=== RECORDS FOR PROCESSING ===
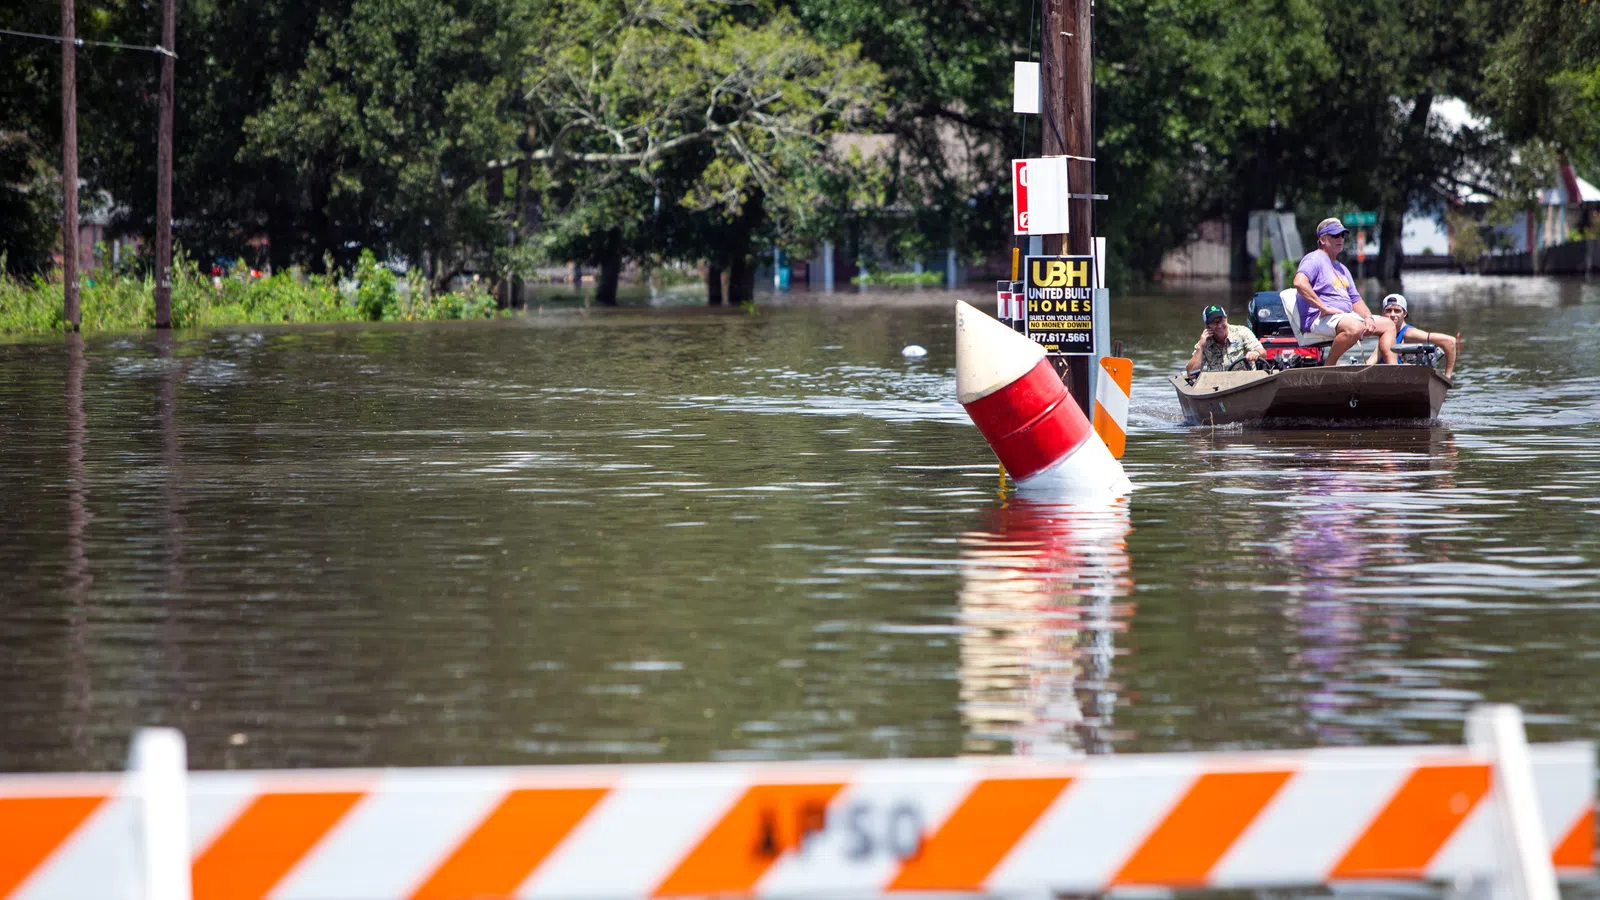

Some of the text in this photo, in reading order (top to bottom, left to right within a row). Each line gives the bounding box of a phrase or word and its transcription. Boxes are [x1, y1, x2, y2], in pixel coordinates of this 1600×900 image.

[1032, 261, 1088, 287] UBH
[1028, 287, 1091, 300] UNITED BUILT
[1028, 300, 1091, 312] HOMES
[1030, 332, 1090, 342] 877.617.5661
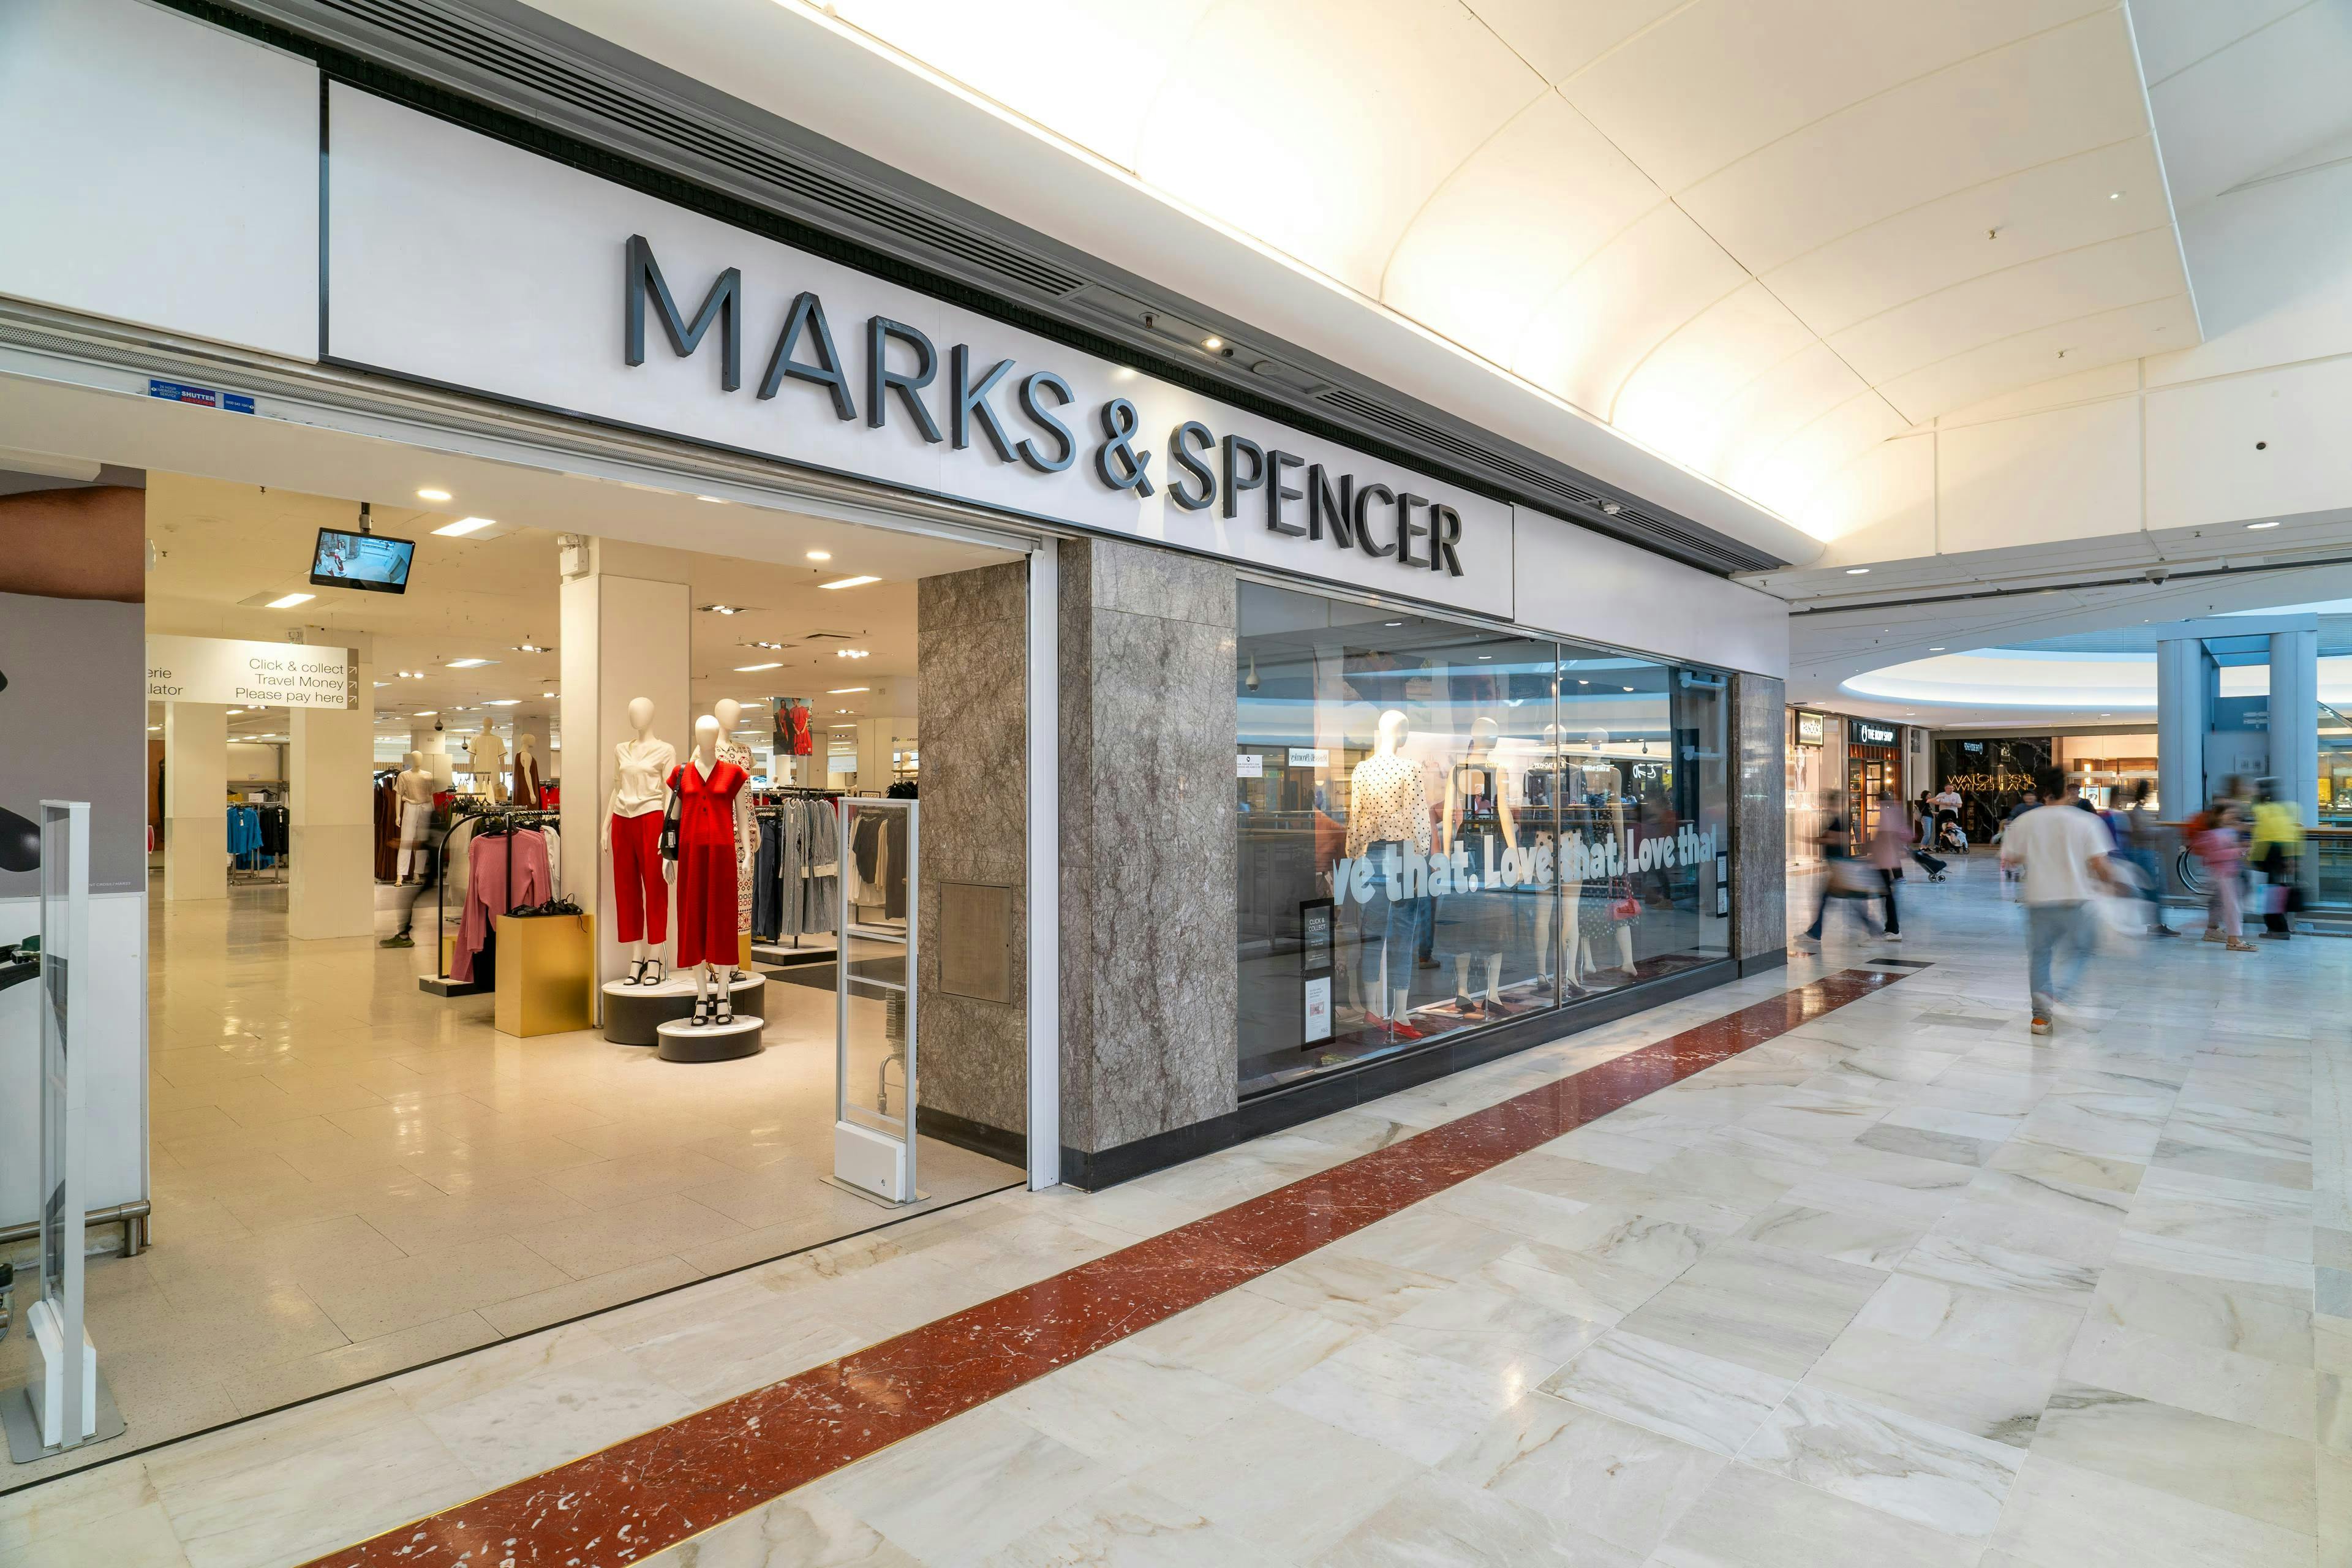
===
EXERCISE PROMPT: Transcribe the material exactly, leaving every picture out.

ANSWER FOR THIS EXERCISE:
Some of the text in this photo, in reading order (top to bottom, left to right within a row). Each line gives the bounding box of a phrase or word and its transcription. Boxes are [x1, y1, x2, y2], in pixel coordinates of this 1600×900 image.

[1032, 261, 1088, 287] UBH
[1028, 287, 1091, 300] UNITED BUILT
[1028, 300, 1091, 312] HOMES
[1030, 332, 1090, 342] 877.617.5661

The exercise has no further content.